CISAらがOTセキュリティ対策の6つの原則を公開

　OTはエネルギーや水道、交通など、国民の生活に不可欠なサービスを支える物理的な機器やプロセスを管理する技術であり、そのセキュリティは非常に重要とされている。OT環境は複雑であり、ビジネス上の決定がサイバーセキュリティにどのように影響するかを理解することが難しい場合がある。このガイダンスでリスクを特定し、セキュリティとビジネスの継続性を促進するための指針が示されている。

　ガイダンスで提示されている原則は以下の通りだ。

• 安全は最優先：　OT環境では物理的な危険が伴うため、安全が最も重要とされている。高電圧や化学物質などが関与するOTシステムにおいて人為的ミスやサイバー攻撃が深刻な影響を及ぼす可能性があるため、常に安全を最優先にする必要がある
• ビジネスに関する知識が重要：　OTシステムに関する深い理解があるほど、サイバーリスクへの対策を効果的に講じられる。組織は自社の重要なシステムやプロセスなどを明確に理解し、それらを保護するためのアーキテクチャを構築することが求められる
• OTデータを保護する：　OT環境におけるデータは攻撃者にとって非常に価値があり、特にエンジニアリング構成データなどの情報は長期的に変更されることがないため攻撃の標的となる。そのため組織はOTデータを保護する必要がある
• OTを他のネットワークからセグメント化して分離する：　他の組織のOTネットワークからの接続は重要な資産へのバックドアになる可能性があり、セキュリティ対策を回避する可能性がある。OTネットワークは企業のITネットワークやインターネットから分離させる必要がある
• サプライチェーンは安全でなければならない：　OTにアクセスできるサプライチェーンは、セキュリティの脅威となる可能性がある。OT環境にアクセスできるベンダーやサービスプロバイダーには厳格な評価が求められる。組織はこれまでの指針に従いつつ、OT環境特有のリスクに対しても注意を払う必要がある
• OTサイバーセキュリティには人材が不可欠：　サイバーセキュリティにおいて適切なトレーニングを受けた人材がインシデントの予防や対応に不可欠となっている。
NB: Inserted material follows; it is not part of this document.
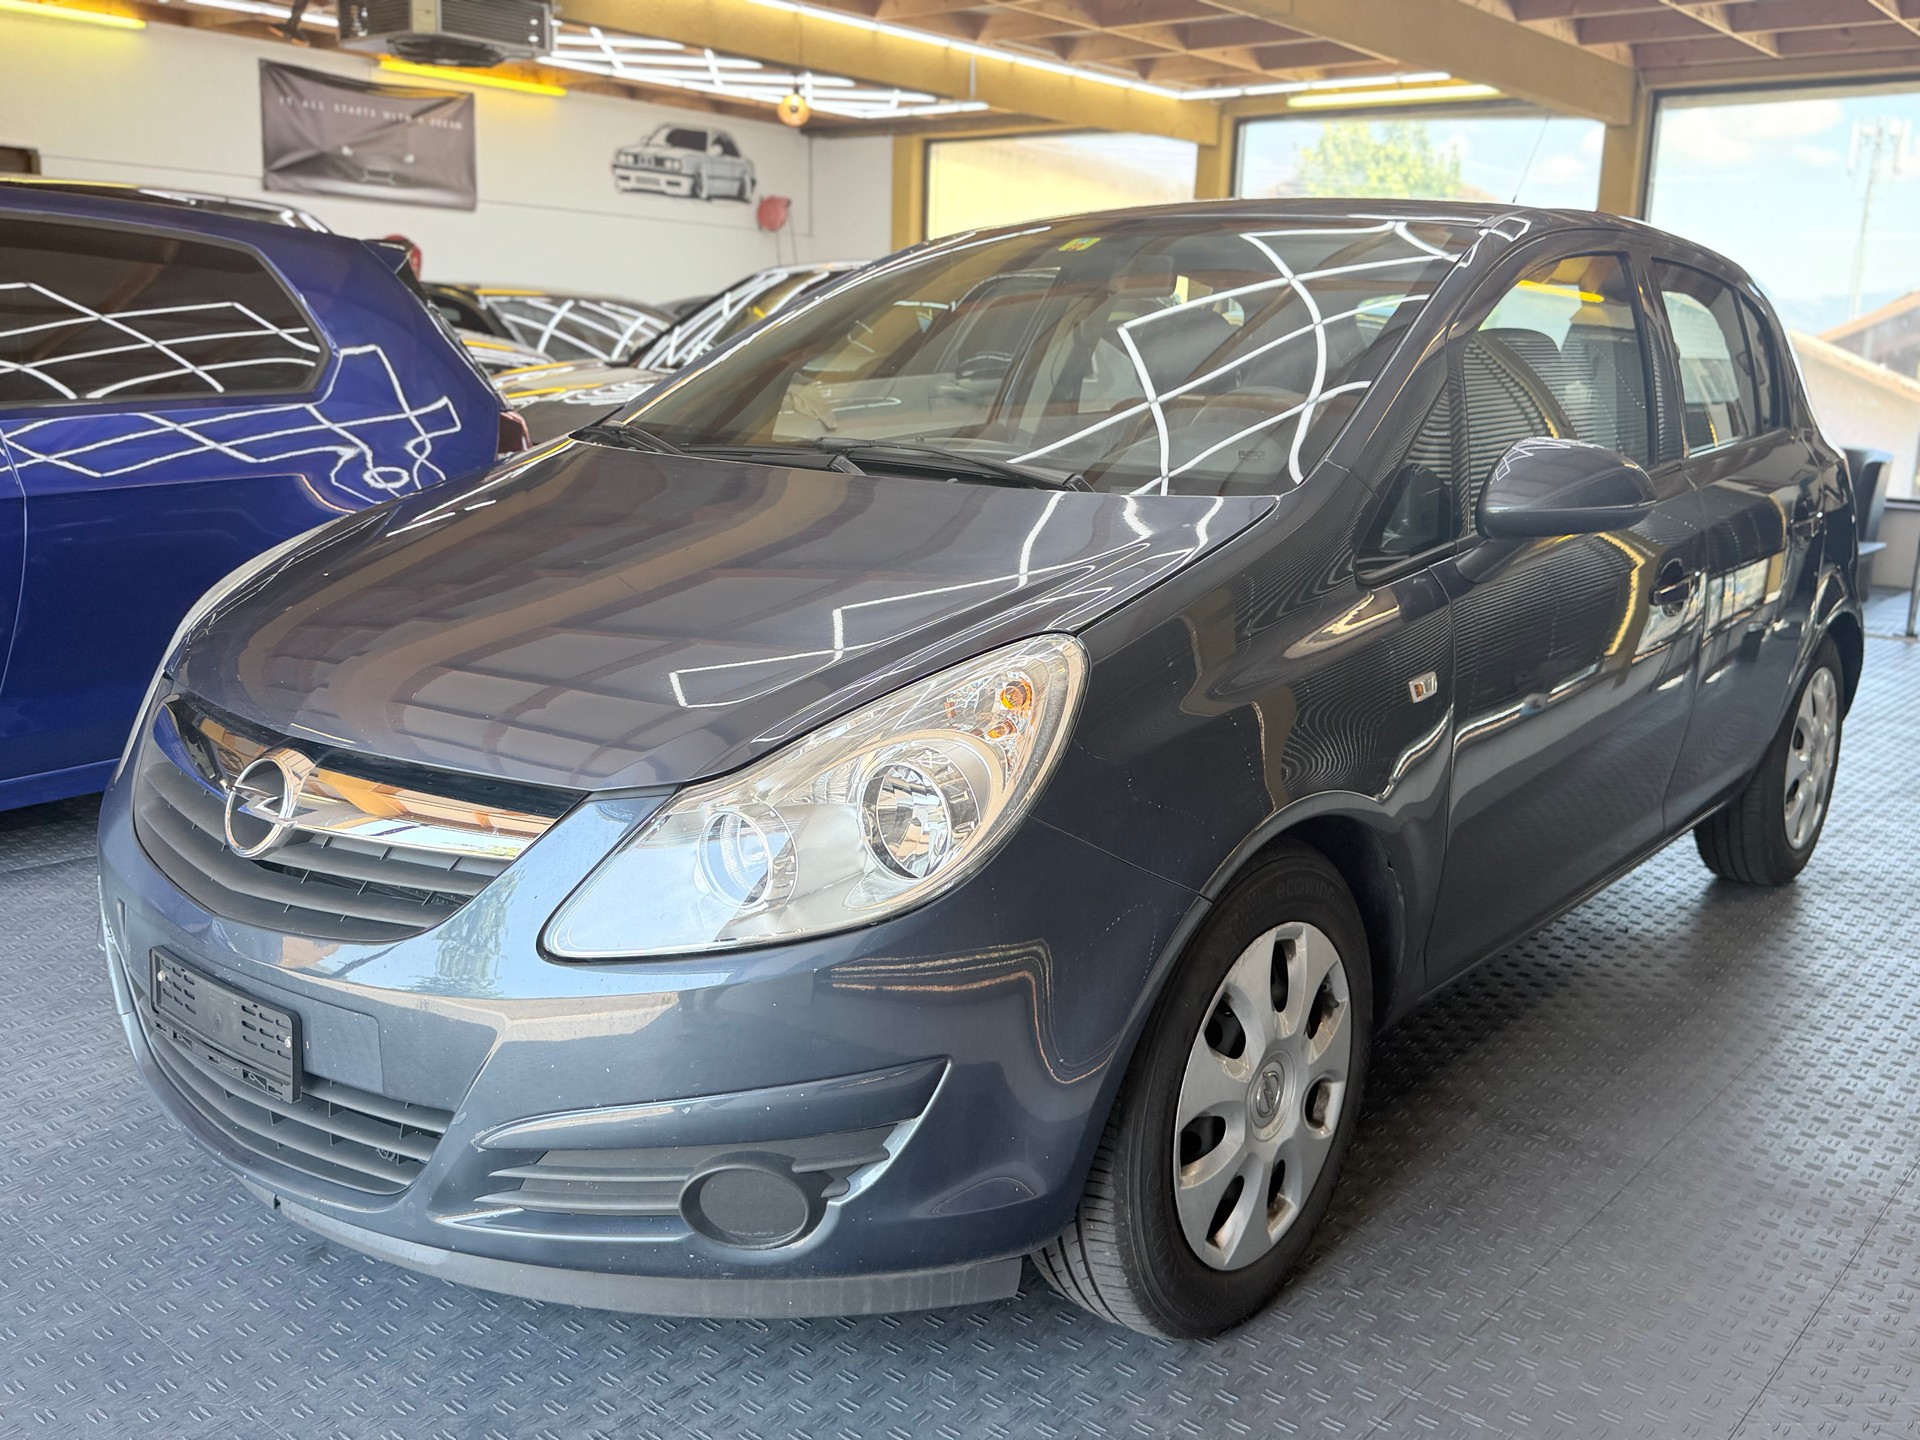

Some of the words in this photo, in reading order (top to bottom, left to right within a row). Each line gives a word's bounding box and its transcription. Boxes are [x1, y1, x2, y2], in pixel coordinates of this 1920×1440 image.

組織全体でサイバーセキュリティを職場の安全の一環として捉える文化を持つことが重要とされている

　このガイダンスはOT環境における意思決定を実施する全ての担当者を対象にしており、戦略的なリーダーから技術的な実務者まで、OTセキュリティの強化に貢献できる内容となっている。

　各組織に対しこれらの原則を意思決定プロセスに適用し、リスクを特定して管理することが推奨されている。ビジネス上の決定がOTセキュリティに悪影響を与える可能性がある場合、その決定を再評価して適切なセキュリティ対策を講じることが望まれている。